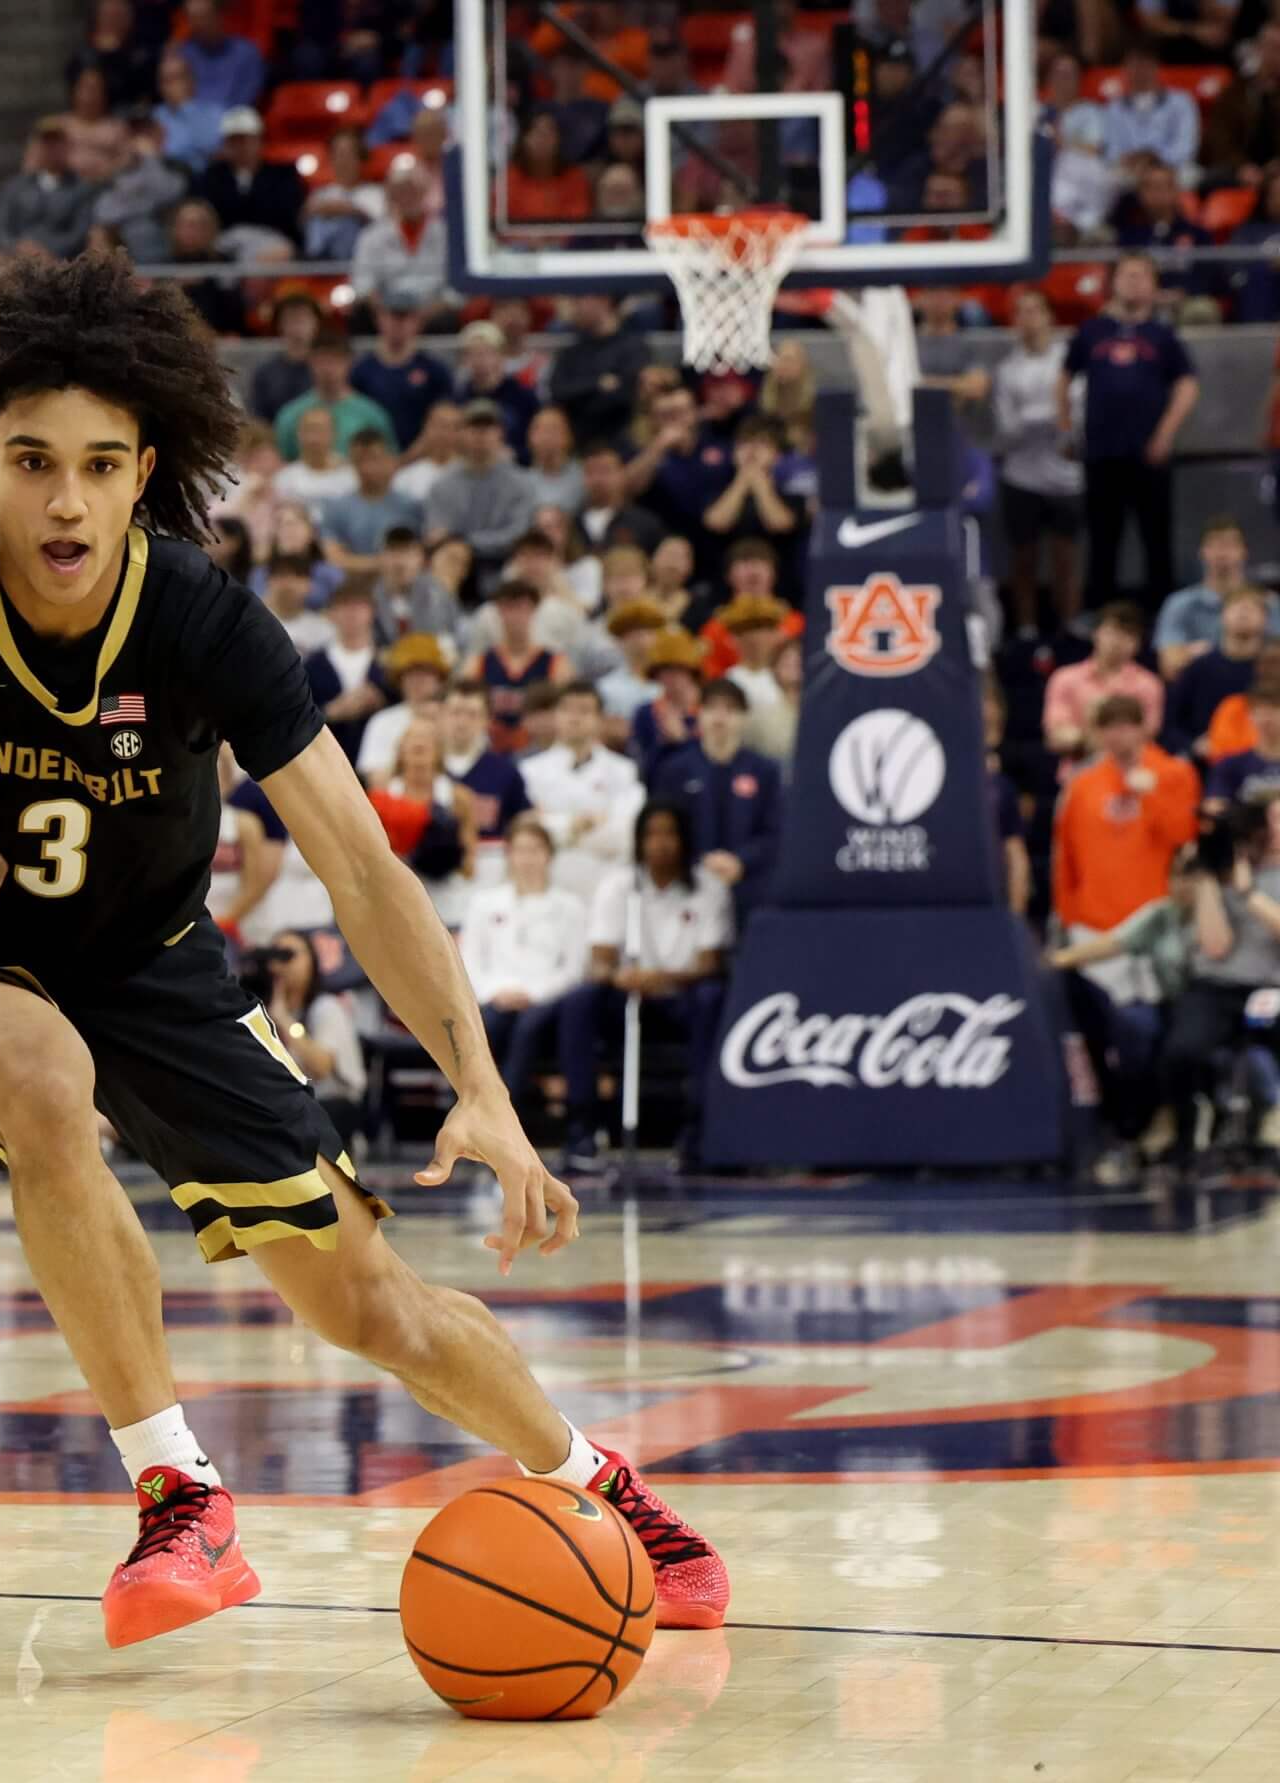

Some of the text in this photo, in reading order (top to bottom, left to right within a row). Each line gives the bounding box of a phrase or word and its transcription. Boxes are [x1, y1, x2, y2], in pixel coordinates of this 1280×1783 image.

[113, 731, 141, 758] SEC
[13, 798, 91, 898] 3
[721, 991, 1026, 1088] Coca-Cola
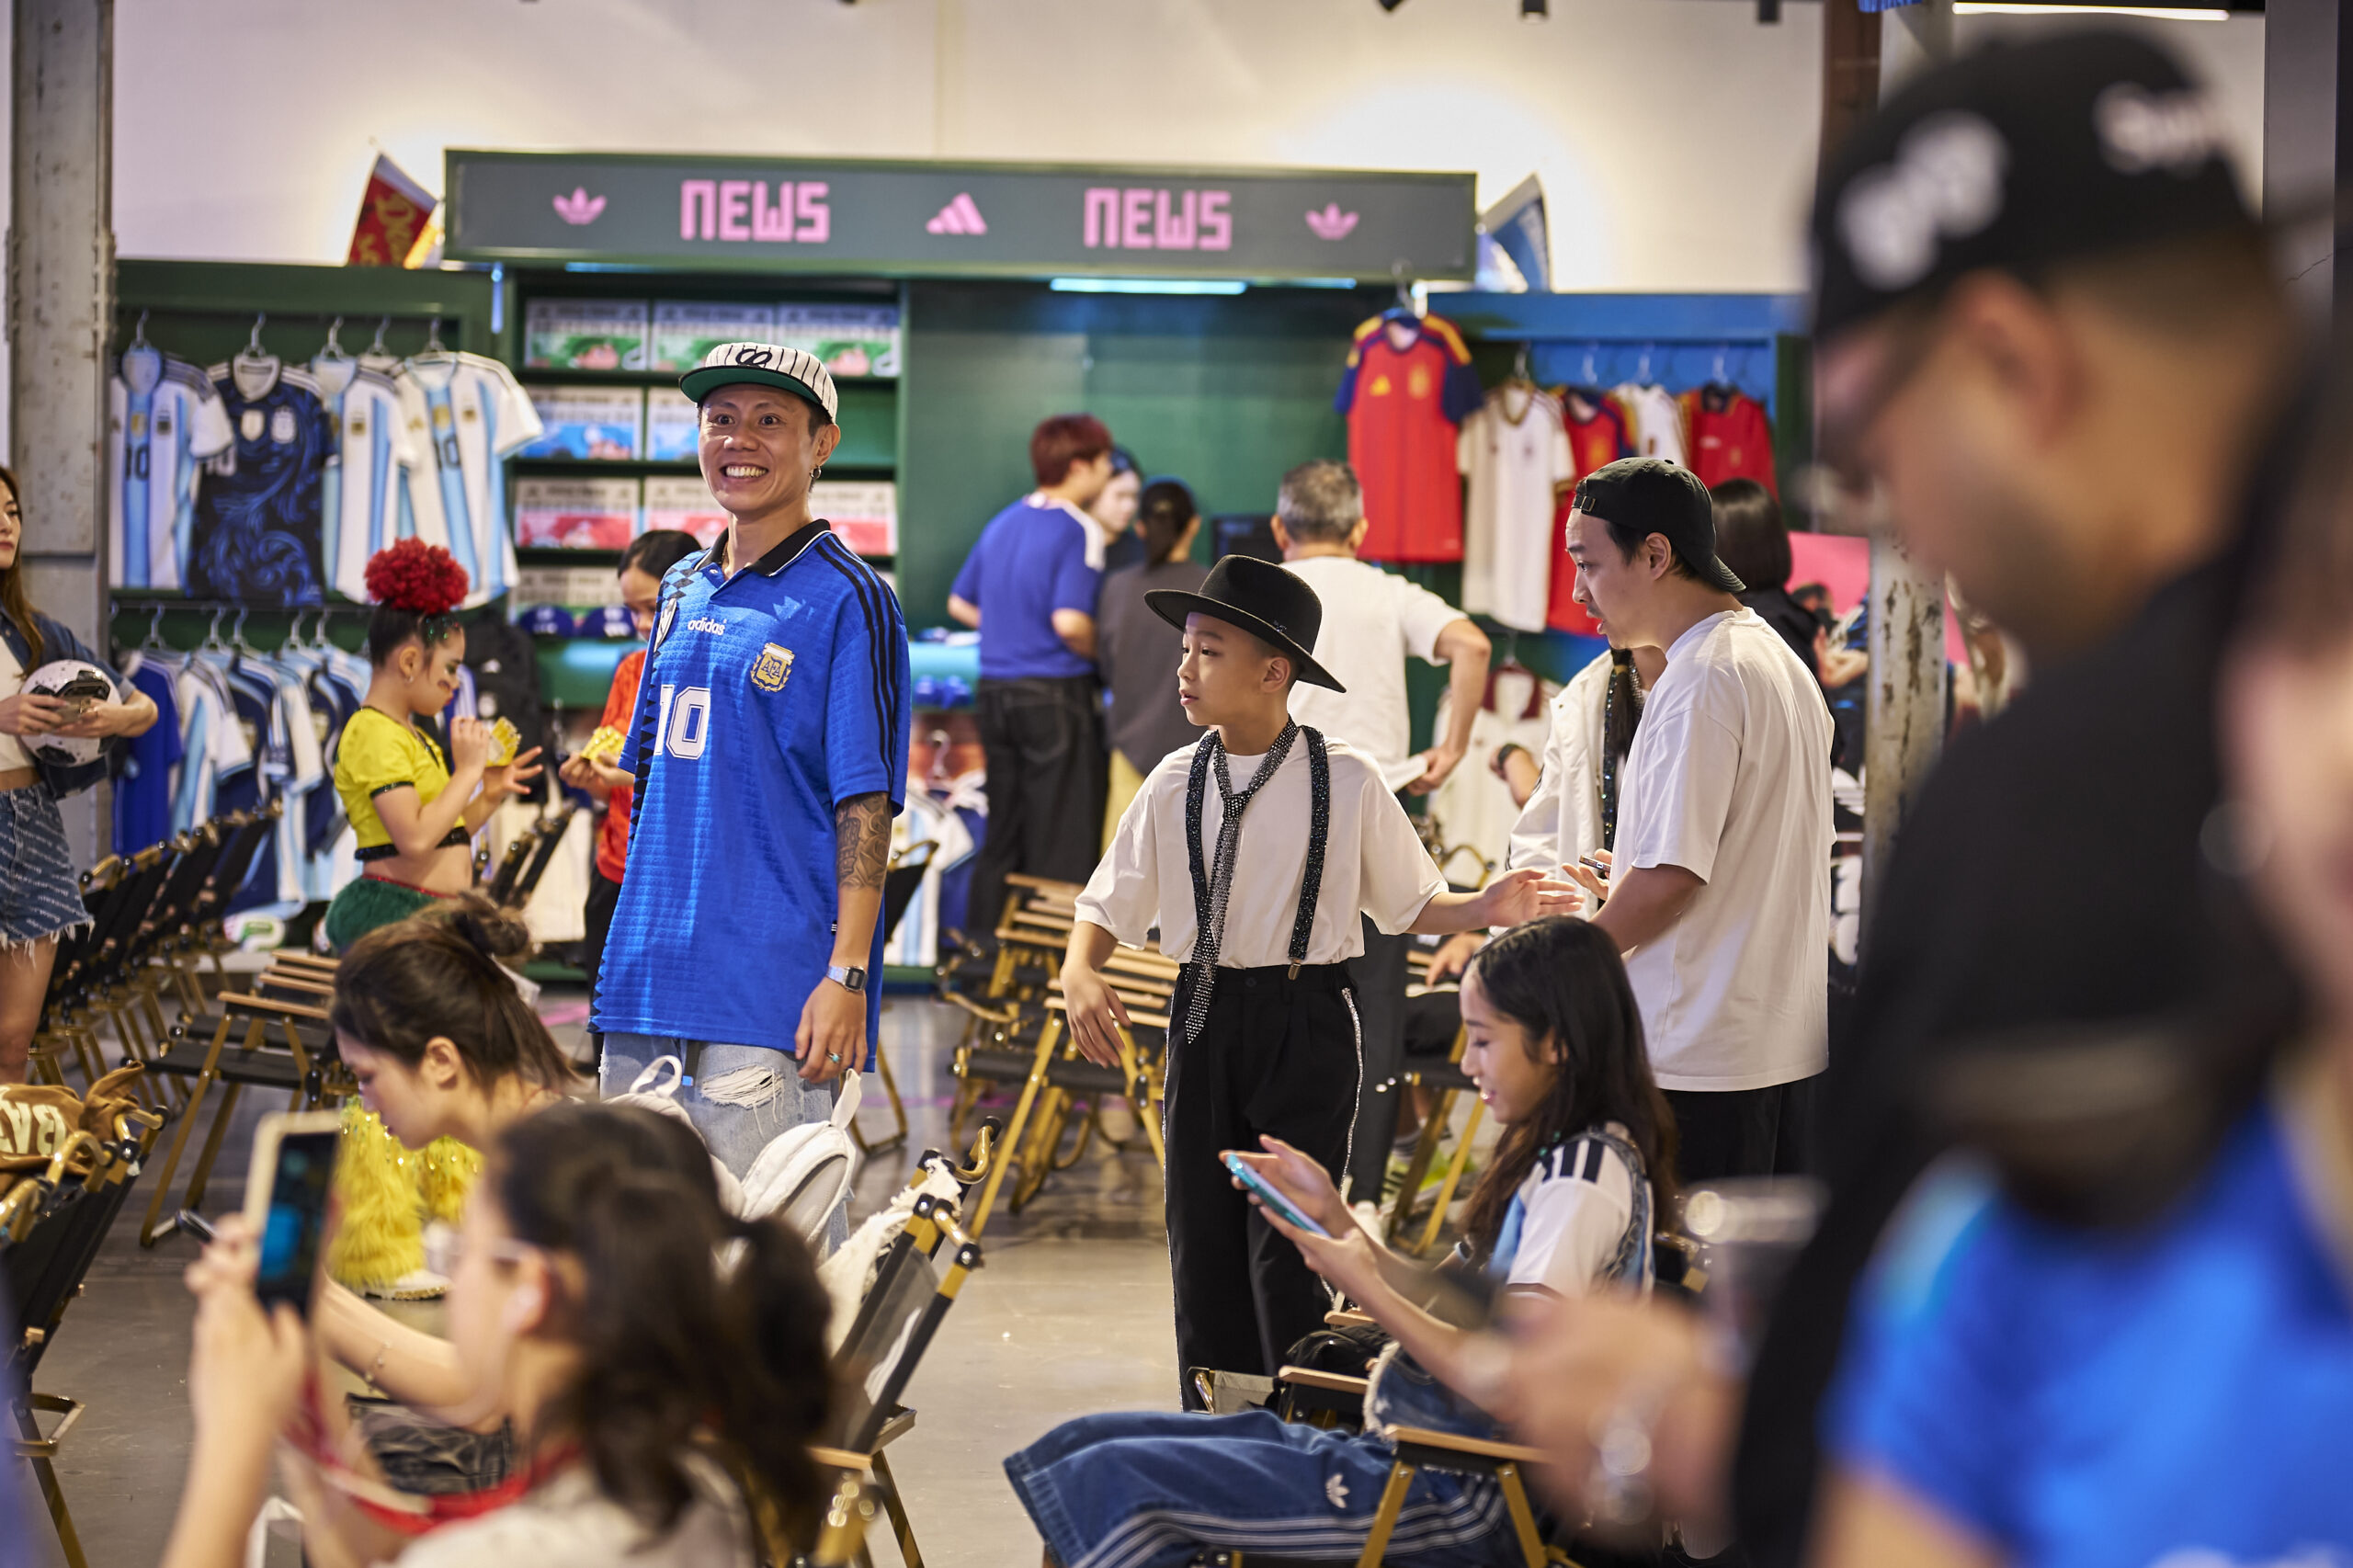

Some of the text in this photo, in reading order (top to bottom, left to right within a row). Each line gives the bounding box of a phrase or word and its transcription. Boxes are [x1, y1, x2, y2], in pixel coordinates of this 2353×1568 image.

• [Exercise directions]:
No picture belongs in the answer, but every word of the records above does, exactly as given.

• [Problem solution]:
Some of the text in this photo, in reading order (top to bottom, left to right within a row). Each line gives the bounding box of a phrase or word and its transcription. Boxes are [x1, y1, x2, y2], in pixel coordinates of this 1280×1783 image.

[113, 731, 141, 758] SEC
[13, 798, 91, 898] 3
[721, 991, 1026, 1088] Coca-Cola

Some of the text in this photo, in reading order (top to bottom, left to right within a row). Each line gives the bounding box of a phrase or word and its transcription. Boxes are [x1, y1, x2, y2], in pixel coordinates of this 2353×1568 image.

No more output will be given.